What is already known?

  • Previous systematic reviews on the impact of social protection and particularly cash transfer (CT) programmes on nutrition outcomes find mixed results.

  • In their 2020 systematic review and meta-analysis, Manley et al reviewed 74 estimates of the impact of CTs, finding that the average effect of CT programmes on child height-for-age z-scores (HAZ) was positive and statistically significant.

What are the new findings?

  • This updated systematic review and meta-analysis adds 55 estimates to the previous set of 74 for a new total of 129 studies, finding significant effects of CTs on nutritional outcomes, including impacts on HAZ, stunting, wasting and diet and a decline in incidence of diarrhoea.

What do the new findings imply?

  • Findings reveal CT programme characteristics that influence programme effectiveness. In particular, a new finding is that that the content of behaviour change communication (BCC) matters for programme effectiveness; BCC providing instruction on Water, Sanitation and Hygiene is particularly helpful.
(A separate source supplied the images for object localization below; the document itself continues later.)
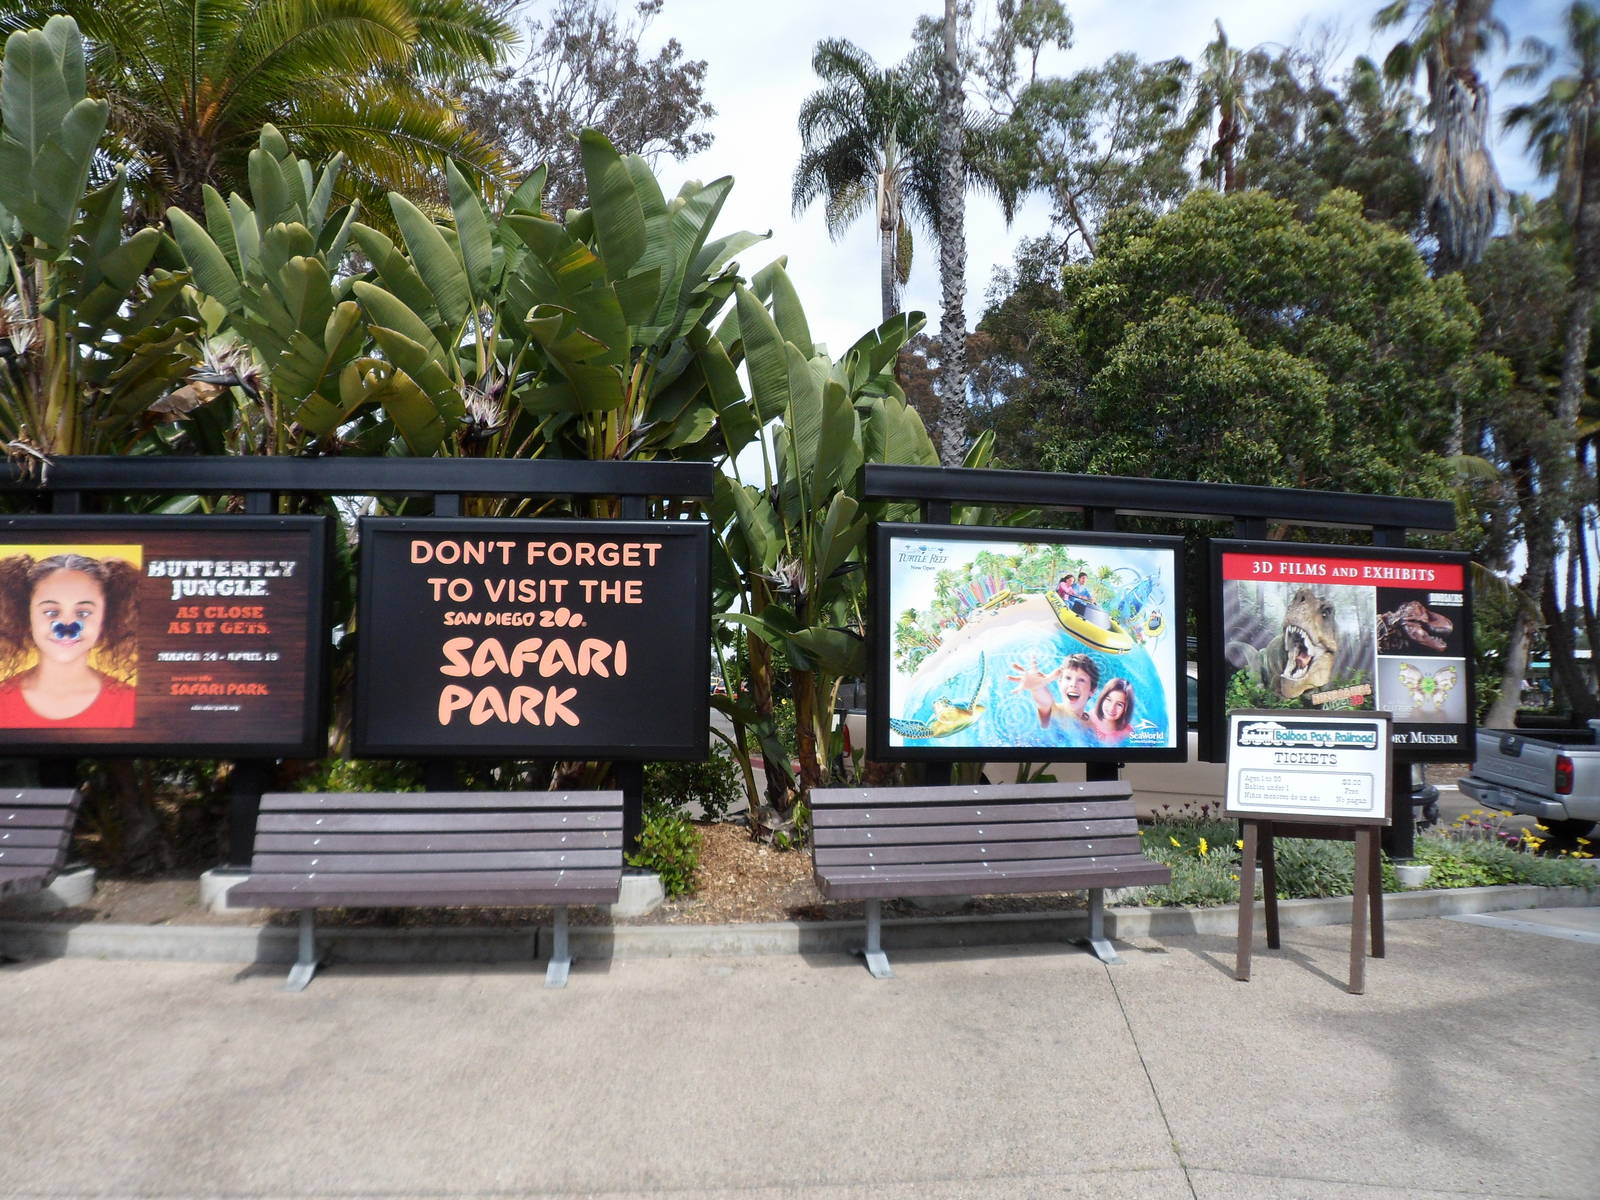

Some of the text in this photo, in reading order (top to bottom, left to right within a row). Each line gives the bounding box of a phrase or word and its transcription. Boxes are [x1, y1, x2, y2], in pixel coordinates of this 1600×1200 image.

[410, 540, 662, 567] DON'T FORGET
[147, 560, 297, 577] BUTTERFLY
[1252, 561, 1436, 581] 3D FILMS AND EXHIBITS
[427, 578, 643, 604] TO VISIT THE
[176, 606, 265, 619] AS CLOSE
[443, 611, 482, 626] SAN
[484, 612, 535, 626] DIEGO
[168, 621, 191, 634] AS
[196, 621, 215, 634] IT
[227, 652, 262, 662] APRIL
[440, 637, 627, 678] SAFARI
[170, 683, 270, 696] SAFARI PARK
[438, 684, 580, 726] PARK
[1129, 731, 1164, 740] SeaWorld
[1275, 730, 1374, 743] Balboa Park Railroad
[1409, 731, 1459, 744] MUSEUM
[1274, 751, 1338, 765] TICKETS
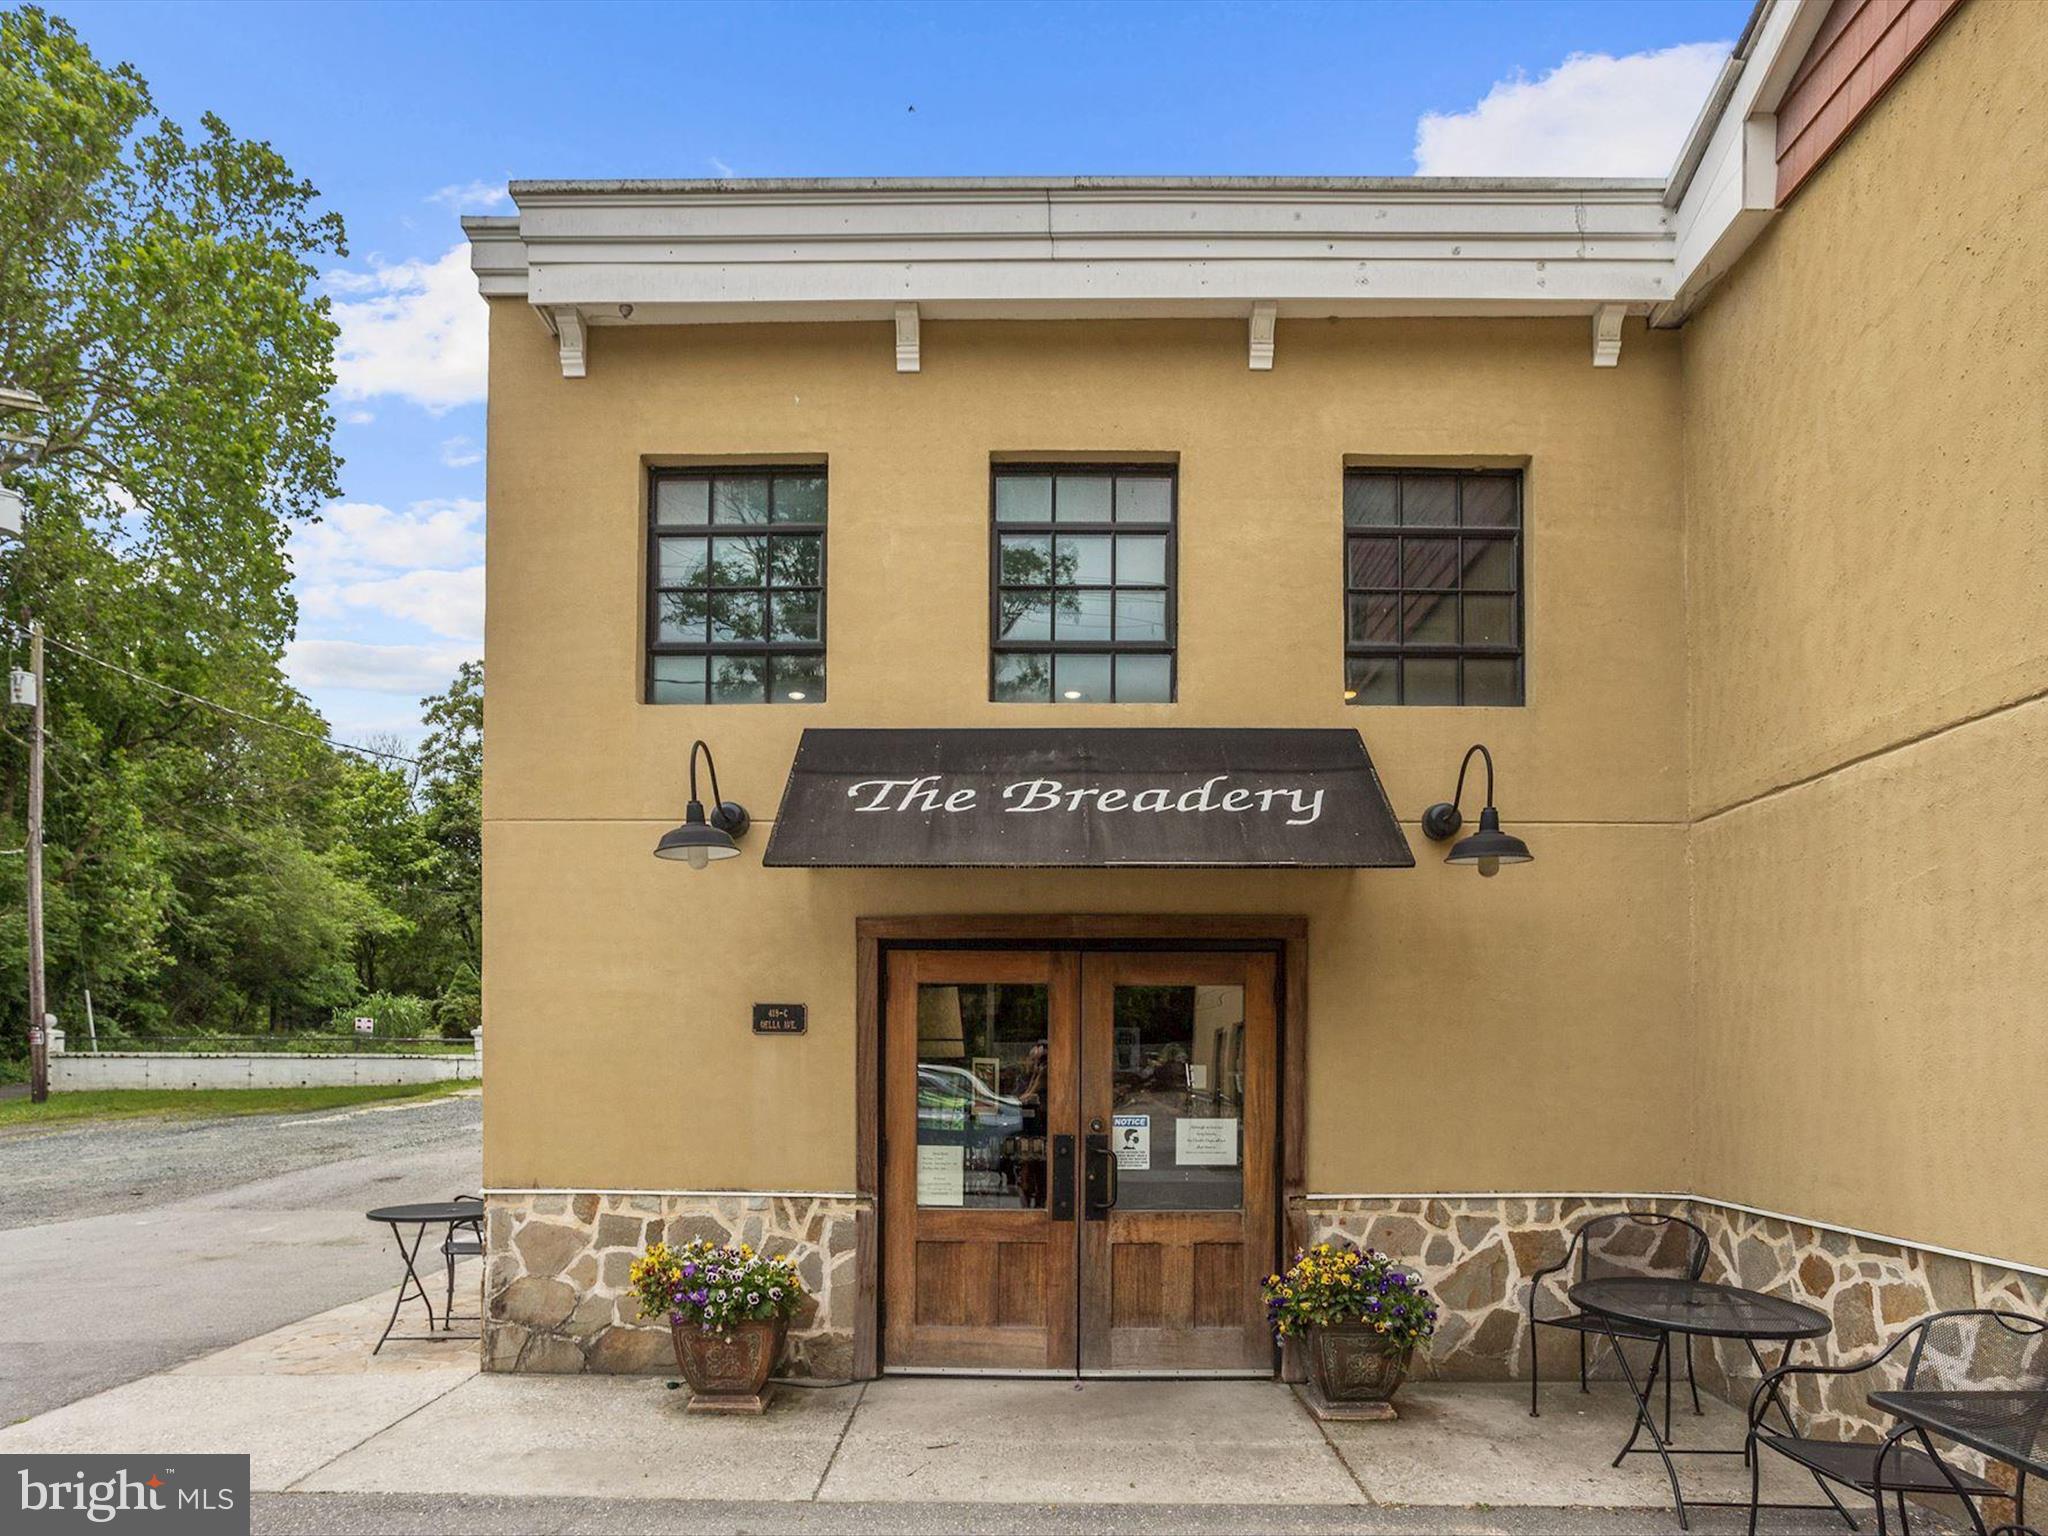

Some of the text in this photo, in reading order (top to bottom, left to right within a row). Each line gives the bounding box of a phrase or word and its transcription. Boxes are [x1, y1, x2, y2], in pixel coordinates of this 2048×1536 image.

The good news from the nutrition community is that stunting and deficits in height-for-age z-scores (HAZ) are less common than ever before. The prevalence of stunting among children under 5 years declined by almost a third from 2000 to 2017, with Asia seeing prevalence drop by over 40% from 38% to 23%, and Latin America limiting stunting to under 10% of the population, a decline of 46%. Overall stunting has declined at about 1% per year.1 However, the problem persists: even before COVID-19, the Sustainable Development Goals relating to nutrition were seen as unlikely to be reached.2

Cash transfers (CTs) are an increasingly common means of social protection, with participants numbering as high as a billion in 186 countries, including a recent surge in programme development and implementation in 2020.3 The 2013 Lancet series on maternal and child nutrition inspired an increase in programmes targeting these outcomes4 and a resurgence in programme evaluations is underway today (see figure 1), with eight published in the first 3 months of 2021, more than were published in any given year until 2016. The subsequent years saw a further profusion of trials and studies, reaching a peak (so far!) in 2019.

Figure 1

Year of publication for sources contained in this review.
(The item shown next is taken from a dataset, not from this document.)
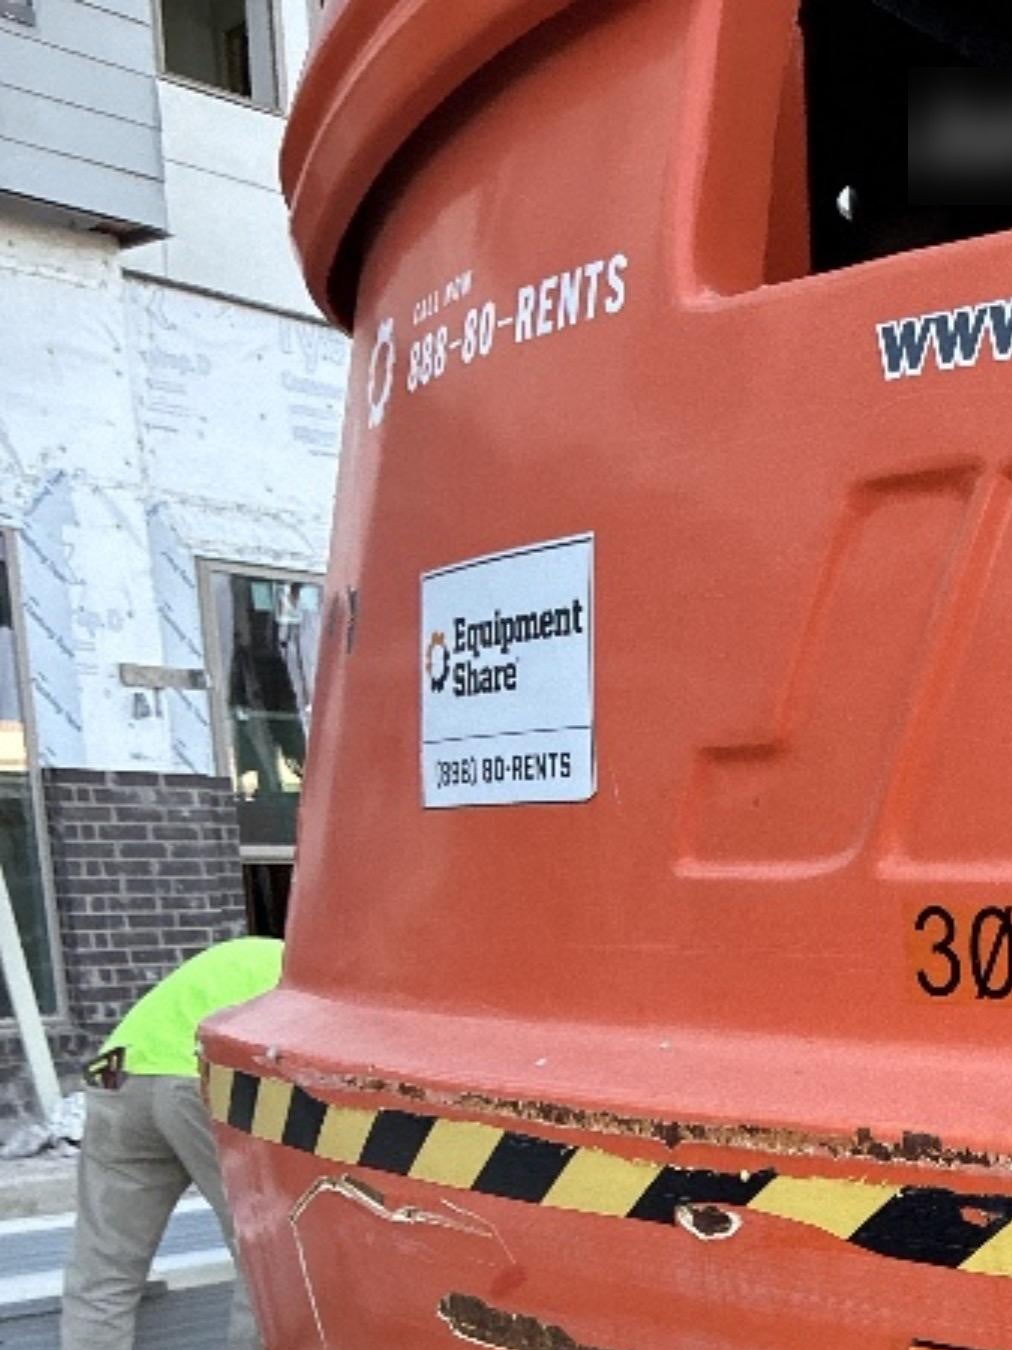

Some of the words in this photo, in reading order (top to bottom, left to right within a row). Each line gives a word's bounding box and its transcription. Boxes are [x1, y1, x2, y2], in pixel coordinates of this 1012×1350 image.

The evidence base for CTs continues to grow, with systematic reviews of the impacts of CT programmes on child nutrition finding effects that are positive but small.5–9 In the current paper, we update the findings of the last such review for this very productive period, nearly doubling the set of papers included. We find that this added evidence gives us comparable results in most cases, with the most significant update being an increasing impact associated with wasting.
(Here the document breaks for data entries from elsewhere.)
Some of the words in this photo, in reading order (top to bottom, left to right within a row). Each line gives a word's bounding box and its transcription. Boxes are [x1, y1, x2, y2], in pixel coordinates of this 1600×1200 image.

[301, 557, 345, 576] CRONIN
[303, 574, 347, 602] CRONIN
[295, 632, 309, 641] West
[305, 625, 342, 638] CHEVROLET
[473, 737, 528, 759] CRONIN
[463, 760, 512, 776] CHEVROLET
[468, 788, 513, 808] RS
Search strategy and study selection

Because this work is an extension of a previous effort,5 the criteria are the same. While the previous paper used studies available as of 2018, the current effort expands the pool of evidence to include studies through March of 2021.

To reiterate, for this systematic review and meta-analysis, we searched for studies with (1) clear counterfactuals, including randomised control trials; (2) estimates of impact on one or more of our targeted outcomes with standard errors reported; (3) 300 or more observations on the outcome; in (4) countries with gross domestic product of under US$10 000 and (5) substantial literature not covered in existing meta-analyses. For this reason we do not cover low birth weight.10 We also excluded programmes providing cash for work and eliminated programmes that provided recipients only one or two disbursements in total. Finally, we limited our sample to those studies examining children under the age of 60 months unless we were considering only (secondary) dietary household outcomes. In no case did we consider adult outcomes such as overweight or obesity.

After ‘snowballing’ references from researchers active in the area and perusing key background sources6–9 we searched Google Scholar, Agris, Econlit, Eldis, IBSS, IDEAS, IFPRI, PubMed and World Bank using two terms: “ cash transfer ” and either “ child health” or “ child nutrition.” Searches were limited to articles published from 2018 to March 2021 in peer-reviewed or grey literature. Searches were carried out in English, though the snowball ended up identifying three Spanish studies that were included in our final set.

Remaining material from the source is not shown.